→ **WHAT YOU WILL DO**:
Omit all pictures, then repeat the listing exactly.

→ **DATA FOR REVIEW**:
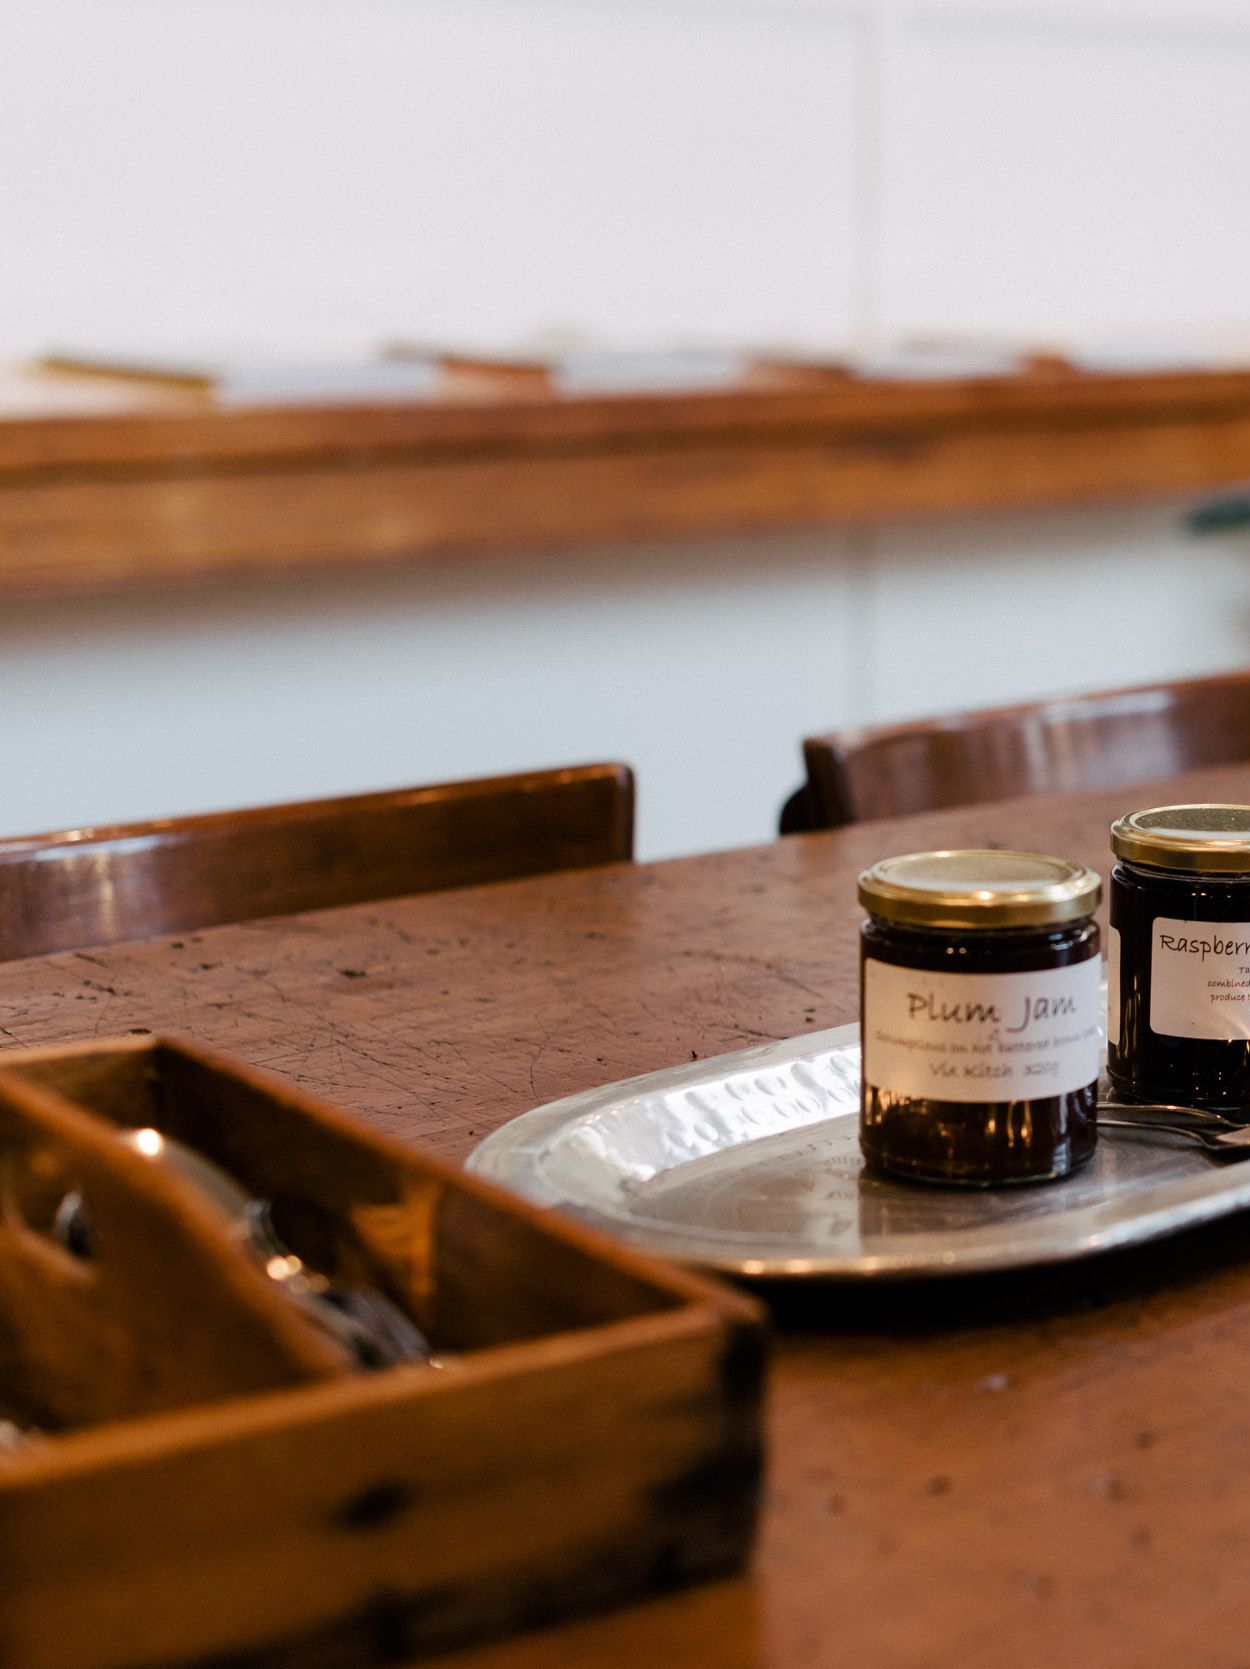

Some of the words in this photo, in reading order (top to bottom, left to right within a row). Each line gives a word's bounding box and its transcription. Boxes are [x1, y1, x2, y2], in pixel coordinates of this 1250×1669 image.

[1207, 978, 1250, 988] combined
[1210, 993, 1245, 1003] produce
[906, 990, 1000, 1024] Plum
[1005, 995, 1077, 1033] Jam

→ **EXERCISE ANSWER**:
Some of the words in this photo, in reading order (top to bottom, left to right within a row). Each line gives a word's bounding box and its transcription. Boxes are [x1, y1, x2, y2], in pixel coordinates of this 1250×1669 image.

[1207, 978, 1250, 988] combined
[1210, 993, 1245, 1003] produce
[906, 990, 1000, 1024] Plum
[1005, 995, 1077, 1033] Jam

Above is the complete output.